Techno-diversity: toward an ecology of (social) networks

In debating the brewing “war” between Facebook, Twitter and GooglePlus it dawned on me that these services are really rather different. It would make greater sense for them to focus on and develop their strengths rather than race to homogenize themselves into identically mediocre platforms.

Twitter does something very unique and the kind of data dynamic that results from Twitters model, the way in which data flows in its network, is very different than that of Facebook because Facebook has primarily been a “walled garden.”  With the advent of groups, news pages, fan/business/institutional pages, this has become less so…but the interaction model is still very different than that of Twitter.  Facebook offers its non-person content files a different sense of “place” – something more static that can more easily collect threads of user content.  Twitter is “faster” and far more impermanent. This is not a better or a worse thing, just different.

Google Plus looks to offer a potentially unique blending of the two. Perhaps this is part of what Facebook is upset about….but one of GooglePlus’ strongest draws so far is its superior social filtering features – the intuitive and usable “Circles.”  See, users liked the ability to post within a walled garden…but we wanted to create rooms.  Facebook’s “lists” (among many other privacy features) were labryinthian nightmares.  But Facebook still has a world of content on there that it should develop ways to respect and protect (enabling searchability, the ability to tag and archive content) rather than trying to run after other services going “Me too!” and cursing the ingenuity of others. If Facebook doesn’t want to go the way of Yahoo’s mistreatment of Flickr or Delicious….it should pull its CEOs out of the parties and think hard about the Information Curation questions from the point of view of its Users (not its commercial sponsors).

I think there could be lots to learn from other network models that had advantages, but suffered executive hubris and neglect.  MySpace was a great site for small businesses and musicians.  Why?
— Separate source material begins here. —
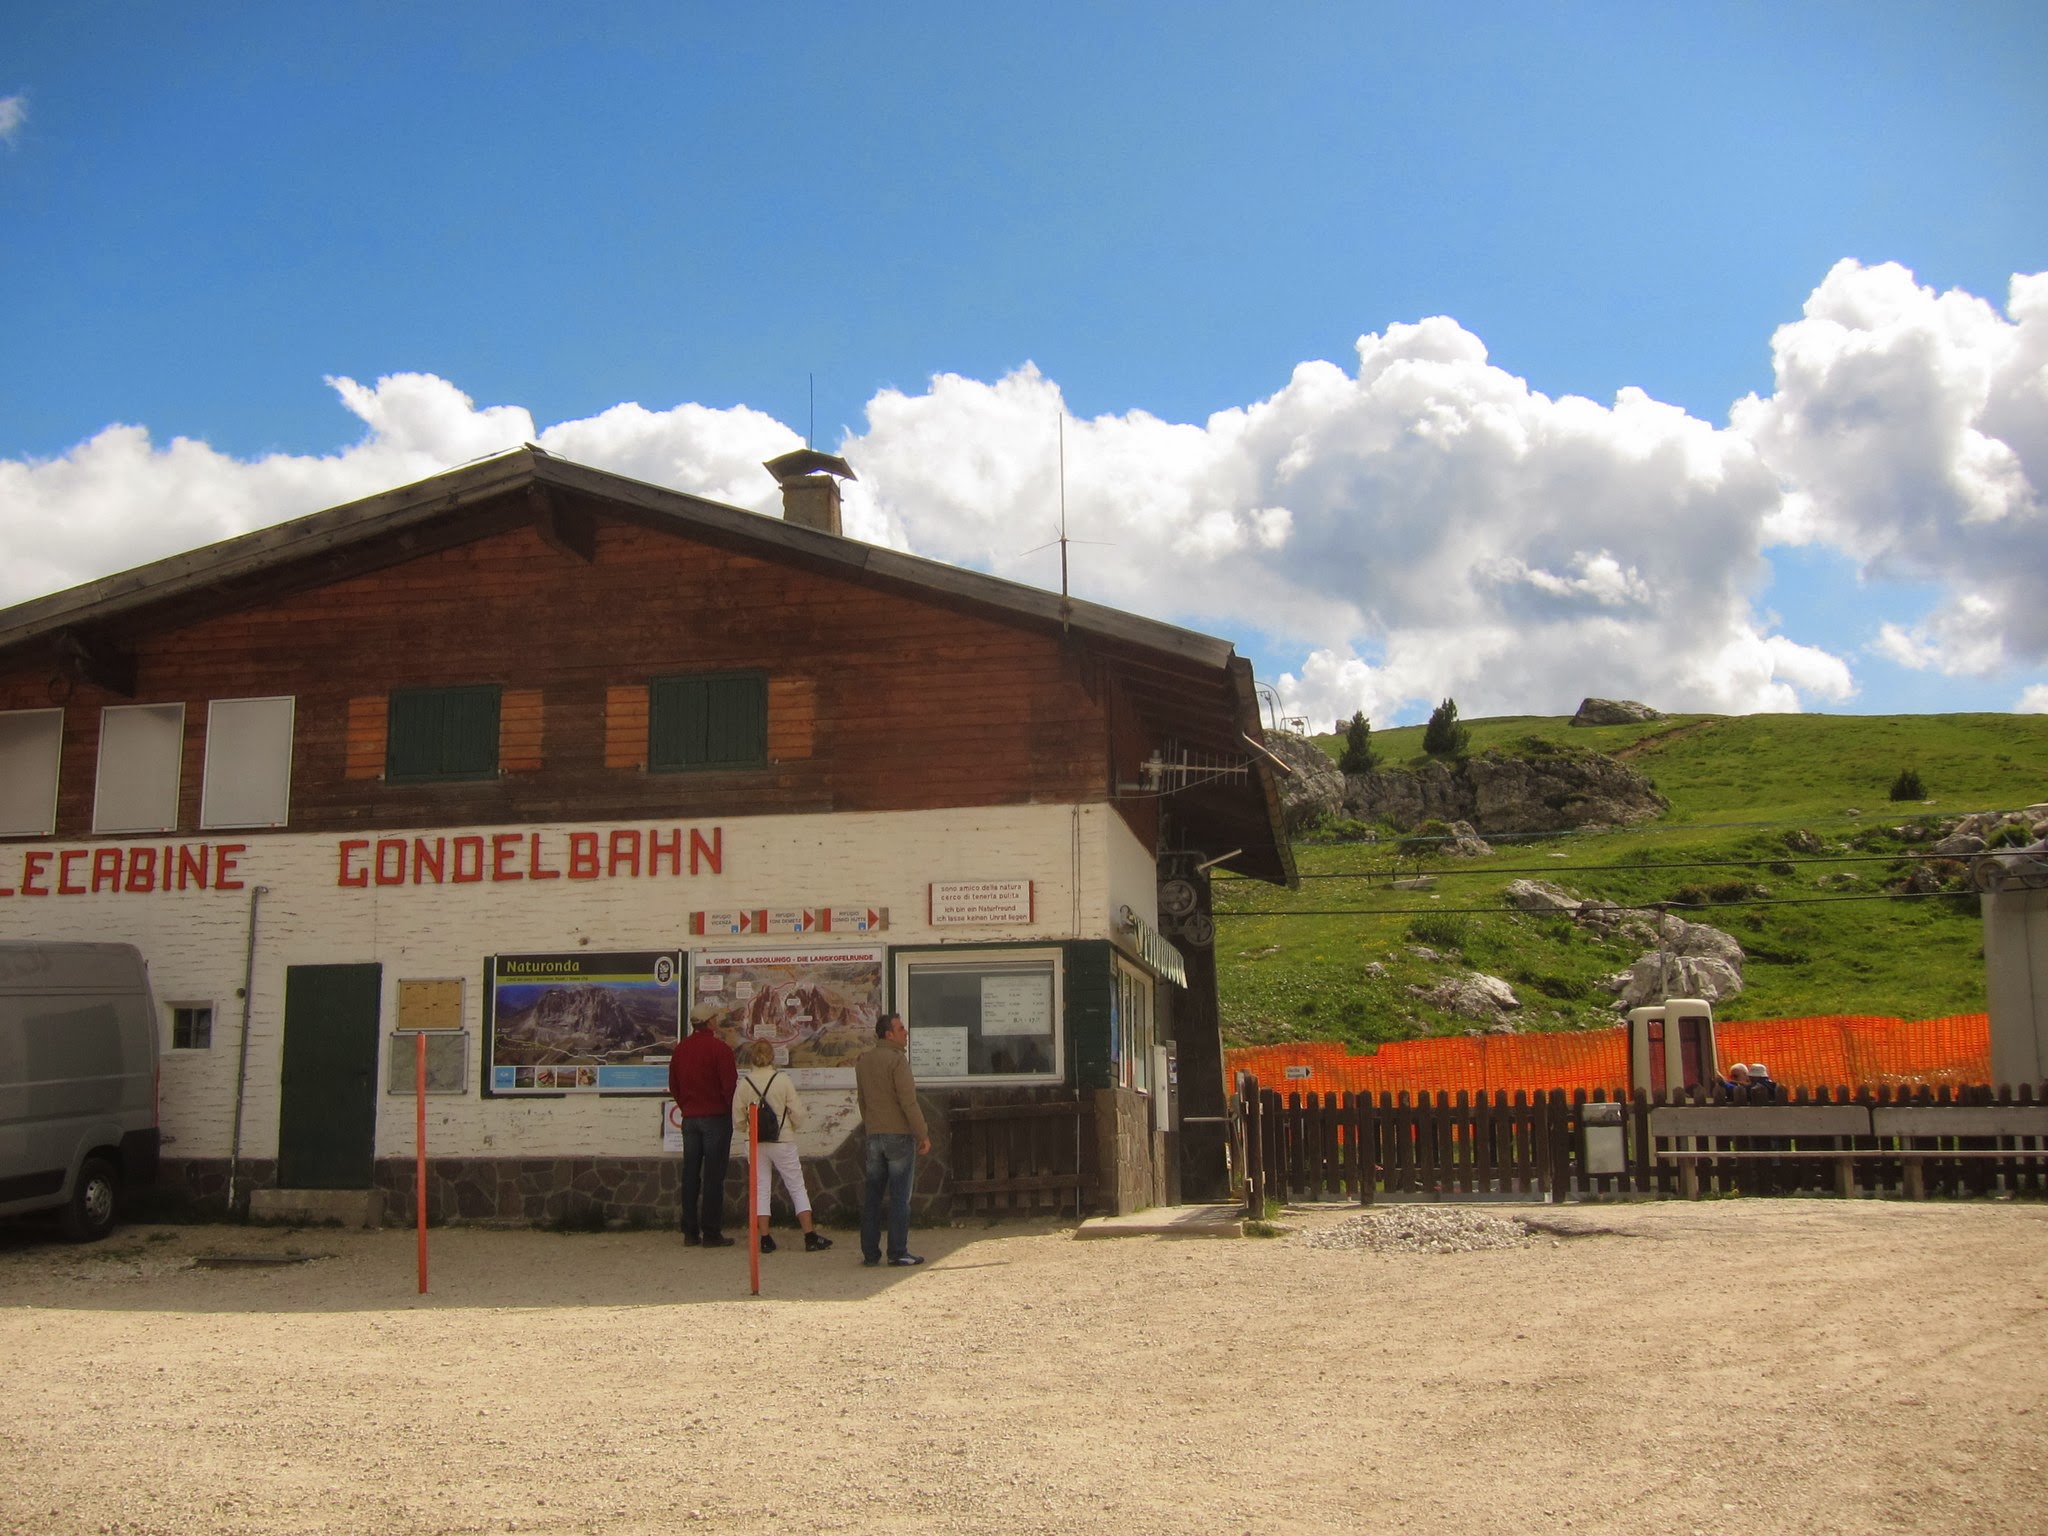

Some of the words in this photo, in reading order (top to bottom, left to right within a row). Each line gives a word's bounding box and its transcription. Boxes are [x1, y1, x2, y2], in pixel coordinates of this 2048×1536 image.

Let’s think about this…what could they do on MySpace that they could not do on Facebook?  I’ll touch on some of this later in this post, but feel free to chime in.

Tribe.net…..There is a great amount of content on Tribe.net.  What were the drawbacks in terms of Information Architecture….how did Tribe.net not succeed?  I am not talking about funding or policies..I’m talking primary about Information Architectural models. What was it about Tribe.net that made it “free-er” seeming than Facebook? What was off-putting?

And then there’s Livejournal. I could devote an entire post at least to the lessons we can learn from LJ.  There are many great features it has.  There are surely drawbacks as well.

My primary point however is that all of these need not try to be identical to each other. Yes, they could learn a lot from each other…but it is also good to have choice.  I enjoy Twitter in a different way than Facebook or GooglePlus.  If the latter two could evolve to pick up some of the archiving/search/usability features of LiveJournal….or allow for content promotion (while respecting artists’ content-ownership rights) like MySpace or Flickr….or allow for deep levels of cultural content like Tribe.net….We could really enrich the online cultural environment in ways that 1) in two months or two years content won’t be lost and 2) users could retain ownership of (or at least more easily control) their content rather than be merely providing free consumer research and promotional images and copy.